Furthermore, it should be understood that although the present disclosure describes embodiments, not every embodiment is provided with a separate embodiment, and that this description is provided for clarity only, and that the disclosure is not limited to the embodiments described in detail below, and that the embodiments described in the examples may be combined as appropriate to form other embodiments that will be apparent to those skilled in the art.

The foregoing description of the preferred embodiments of the utility model is not intended to limit the utility model to the precise form disclosed, and any such modifications, equivalents, and alternatives falling within the spirit and scope of the utility model are intended to be included within the scope of the utility model.

Claims (10)

1. A workshop water cooling circulation system which is characterized in that: the device comprises a circulating water tank (1) and a workshop (2), wherein an outlet of the circulating water tank (1) is communicated with an inlet of the workshop (2) through a first pipeline, an inlet of the circulating water tank is communicated with an outlet of the workshop (2) through a second pipeline, and a main circulating pump (3) is fixedly arranged on the first pipeline; the first pipeline is communicated with the second pipeline through a third pipeline, and a first valve (4) is fixedly arranged on the third pipeline.

2. The production plant water cooling circulation system according to claim 1, wherein: the circulating water tank (1) is also communicated with a pipeline communicated between the main circulating pump (3) and the workshop (2) through a pipeline IV, and a secondary circulating pump (5) is fixedly arranged on the pipeline IV; the third pipeline is also communicated with the fourth pipeline, and the first valve (4) is positioned at a position between the third pipeline and the communication position of the first pipeline and the fourth pipeline.

3. The production plant water cooling circulation system according to claim 2, wherein: and at least one valve II (6) is fixedly arranged on the first pipeline and/or the fourth pipeline respectively.

4. The production plant water cooling circulation system according to claim 2, wherein: and an evacuation port is respectively arranged on the first pipeline and/or the fourth pipeline, and an evacuation valve (7) is fixedly arranged at each evacuation port.

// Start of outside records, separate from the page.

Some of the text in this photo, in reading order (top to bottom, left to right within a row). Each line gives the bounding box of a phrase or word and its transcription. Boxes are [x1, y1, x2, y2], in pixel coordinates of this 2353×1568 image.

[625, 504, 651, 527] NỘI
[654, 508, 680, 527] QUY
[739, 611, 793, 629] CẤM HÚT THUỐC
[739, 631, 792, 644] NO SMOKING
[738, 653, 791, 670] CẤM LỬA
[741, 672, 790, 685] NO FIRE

5. The production plant water cooling circulation system according to claim 2, wherein: and a pressure gauge (8) is fixedly arranged on the first pipeline and/or the fourth pipeline respectively.

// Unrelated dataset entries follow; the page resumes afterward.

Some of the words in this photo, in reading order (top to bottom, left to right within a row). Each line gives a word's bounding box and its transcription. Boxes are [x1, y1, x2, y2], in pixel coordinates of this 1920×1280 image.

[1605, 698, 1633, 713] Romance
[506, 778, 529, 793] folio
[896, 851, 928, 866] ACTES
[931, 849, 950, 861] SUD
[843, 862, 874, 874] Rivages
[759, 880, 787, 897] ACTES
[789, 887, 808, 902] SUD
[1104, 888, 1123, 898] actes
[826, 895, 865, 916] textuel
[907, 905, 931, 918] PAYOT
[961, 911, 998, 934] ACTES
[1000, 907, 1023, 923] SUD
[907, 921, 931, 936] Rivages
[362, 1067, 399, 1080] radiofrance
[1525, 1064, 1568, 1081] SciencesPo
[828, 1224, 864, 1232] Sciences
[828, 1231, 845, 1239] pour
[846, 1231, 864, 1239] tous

6. The production plant water cooling circulation system according to claim 2, wherein: and a thermometer (9) is fixedly arranged on the first pipeline and/or the fourth pipeline respectively.

7. The production plant water cooling circulation system according to any one of claims 1 to 6, wherein: the cooling system is characterized by further comprising a cooler, wherein an inlet of the cooler is communicated with an outlet of the workshop (2) through a pipeline V, an outlet of the cooler is communicated with the circulating water tank (1), and a valve III (10) is fixedly arranged on the pipeline V.

8. The shop water cooling circulation system according to claim 7, wherein: the cooler comprises at least one cooling tower (11), an inlet of the cooling tower (11) is communicated with an outlet of the workshop (2) through the pipeline five, and an outlet of the cooling tower is communicated with the circulating water tank (1).

9. The production plant water cooling circulation system according to any one of claims 1 to 6, wherein: the circulating water tank (1) is communicated with one end of a water supplementing pipe, and a water supplementing valve (12) is fixedly arranged on the water supplementing pipe.

10. The production plant water cooling circulation system according to any one of claims 1 to 6, wherein: the circulating water tank (1) is communicated with one end of a steam pipe, and a steam valve (13) is fixedly arranged on the steam pipe.